Freedom of Speech (Universities) Bill remained unspoken
The ending of the Parliamentary session confirmed that we would see no more of the Freedom of Speech (Universities) Bill introduced by David Davies MP; there was never even any draft wording. However …
The Queen’s Speech: the next Parliamentary session in the UK
The Queen’s Speech at the start of the new Parliamentary session on 11 May 2021 included long-expected government proposals to legislate for free speech in universities. The other implications for HE of the government’s legislative programme in the forthcoming period were quickly identified by David Kernohan and Jim Dickinson of Wonkhe on 11 May 2021. Notably: “tucked away in the proposed Skills and Post-16 Education Bill … the Office for Students will get strengthened powers to “take action to address low quality higher education provision”. As nobody has managed to identify a way to reliably identify such provision, this will be some legislative text to peruse with interest.” And “The Higher Education (Freedom of Speech) Bill looks largely identical to the previously published policy paper.”Kernohan and Dickinson blogged again on 12 May: “… if you were hoping for some sense out of the publication of legislation to enact proposals in the Westminster government’s command paper on Freedom of Speech and Academic Freedom, we have bad news.” Among other things they pointed out the duplication of almost identical complaints mechanisms, with the new Bill overlaying the established Office of the Independent Adjudicator procedure.
Independent HE consultant Hugh Jones immediately picked up on the new key phrase in what was otherwise almost boilerplate text on academic freedom – “within their field of expertise” – and speculated about the practical problems in store. That bastion of Policy Exchange’s academic freedom ‘research’, Eric Kaufmann (Birkbeck), was one of the few to welcome it in fulsome terms, as ‘a huge step towards saving the soul of university education’, in The Telegraph, of course, on 12 May 2021.

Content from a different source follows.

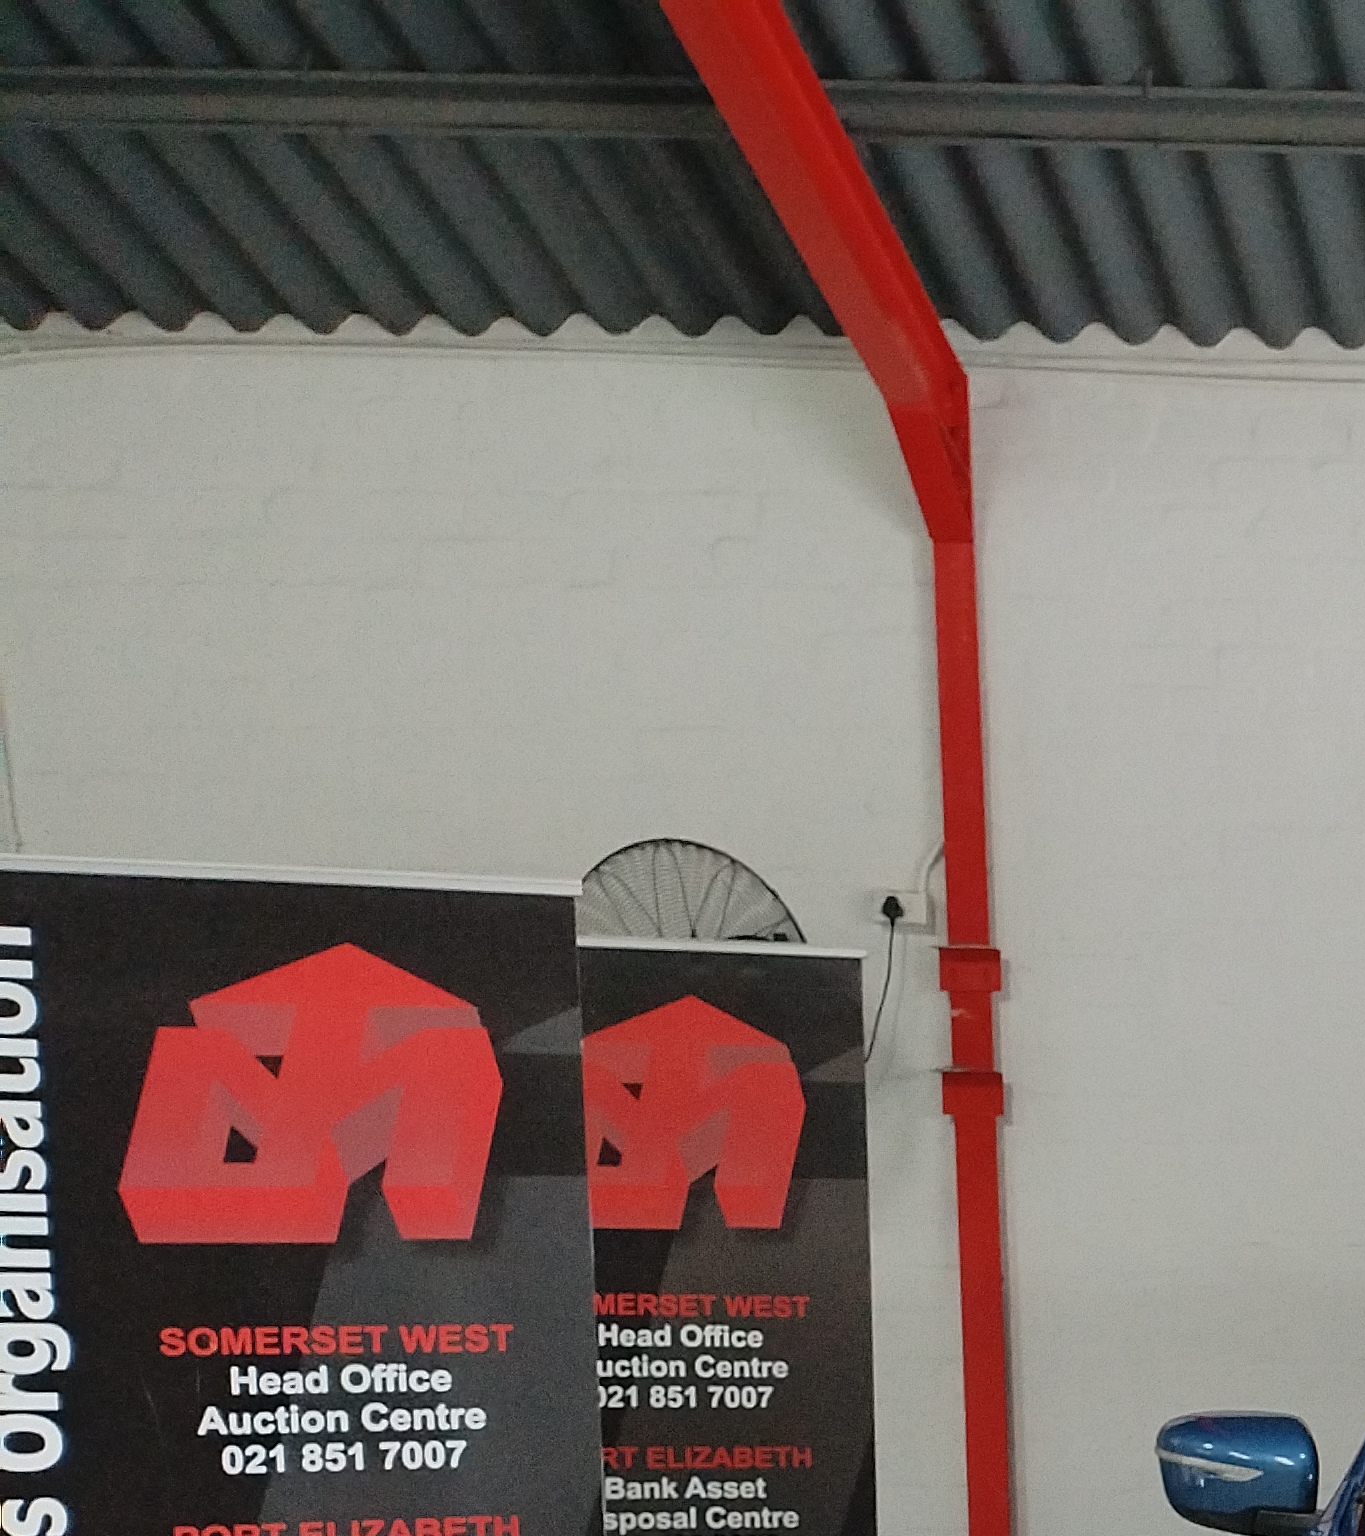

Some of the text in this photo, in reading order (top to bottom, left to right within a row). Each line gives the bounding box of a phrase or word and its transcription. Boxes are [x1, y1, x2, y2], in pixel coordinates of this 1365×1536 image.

Index on Censorship wrote to the Education Secretary on 11 May: ”We are very concerned that additional legislation, including the imposition of a “Freedom of Speech Champion”, may have the inverse effect of further limiting what is deemed “acceptable” speech on campus and introducing a chilling effect both on the content of what is taught and the scope of academic research exploration.” It looks like the Russell Group might be attacking it from the perspective of ‘excessive regulatory burden’ rather than go for it head on, judging by its initial response on 12 May 2021. Susan Lapworth, Director of Regulation at OfS, wrote a measured and sensible blog on 17 May 2021 urging ‘Robust but civil debate’.

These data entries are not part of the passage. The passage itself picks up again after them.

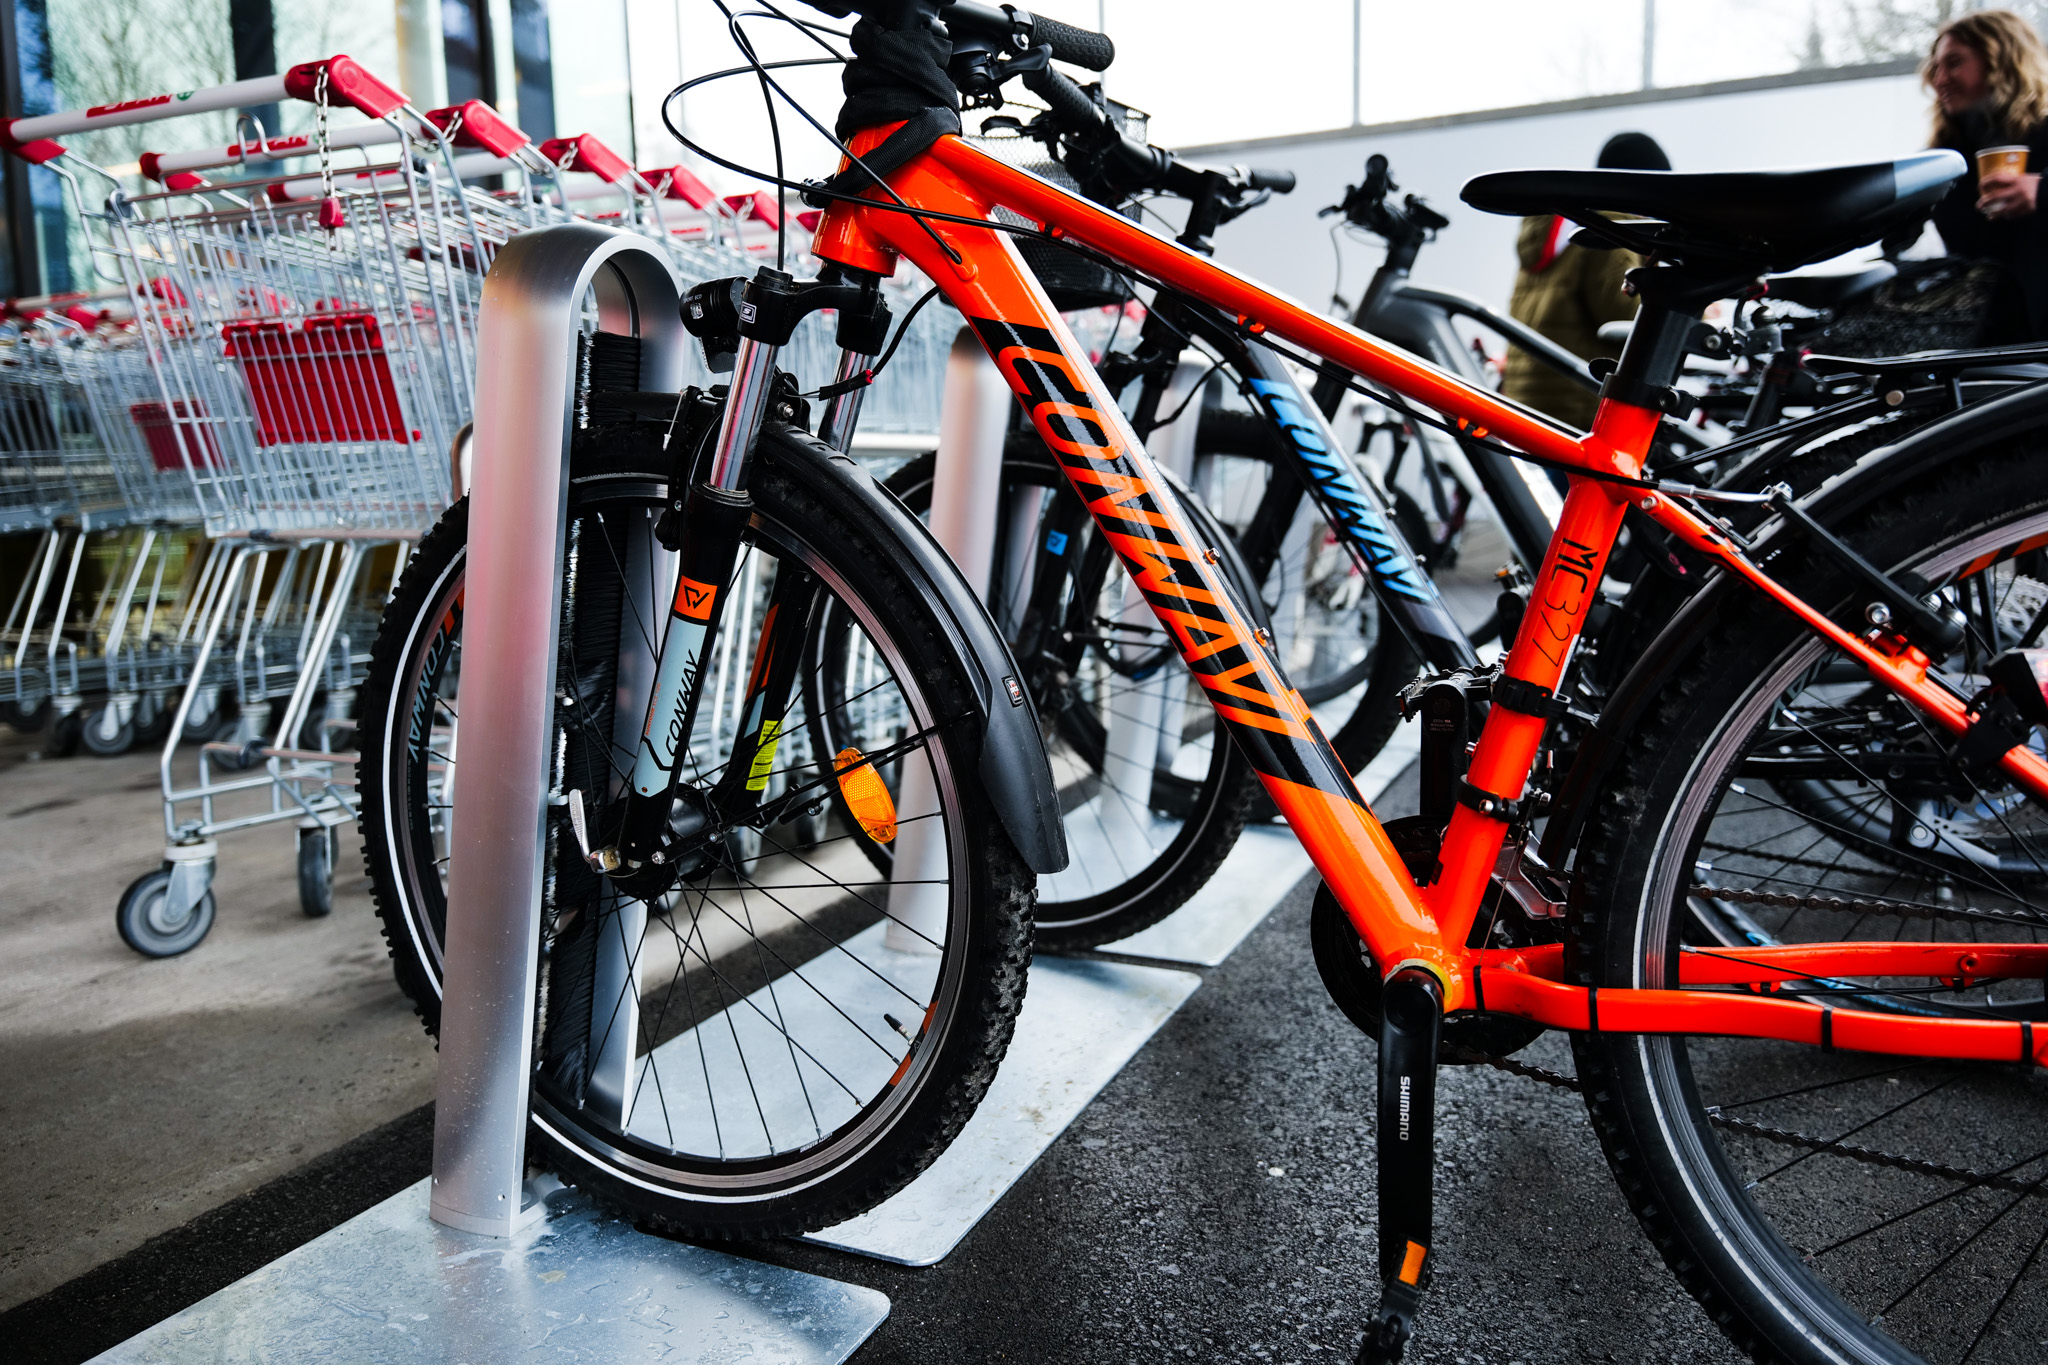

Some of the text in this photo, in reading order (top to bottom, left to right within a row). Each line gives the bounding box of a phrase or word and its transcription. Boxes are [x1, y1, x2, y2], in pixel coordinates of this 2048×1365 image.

[998, 345, 1300, 730] CONWAY
[1258, 388, 1430, 602] CONWAY
[408, 627, 446, 764] CONWAY
[665, 648, 699, 758] CONWAY
[1400, 1075, 1411, 1141] SHIMANO

Richard Brabner of the UPP Foundation blogged for HEPI on 17 May 2021 about their survey of public opinion: “On a range of different contentious issues, the public – including 18-24 year olds and across political boundaries – support allowing controversial speakers on campus, even if they don’t agree with their views. But equally, those pushing for a blanket protection for free speech should be under no illusion. The public does not approve of a libertarian free for all. When it comes to racist speakers and Holocaust deniers the public do not want them anywhere near our universities.” The regular column from Conservative peer Danny Finkelstein in The Times on 18 May was damning: “Just because there is a problem doesn’t mean you need to legislate. One shouldn’t need to remind Conservatives of that. This proposed law is unnecessary, counter-productive and footling. If the government wants something to do in higher education it should work out how to compensate students for spending more than £9,000 each this year on an education they didn’t get.”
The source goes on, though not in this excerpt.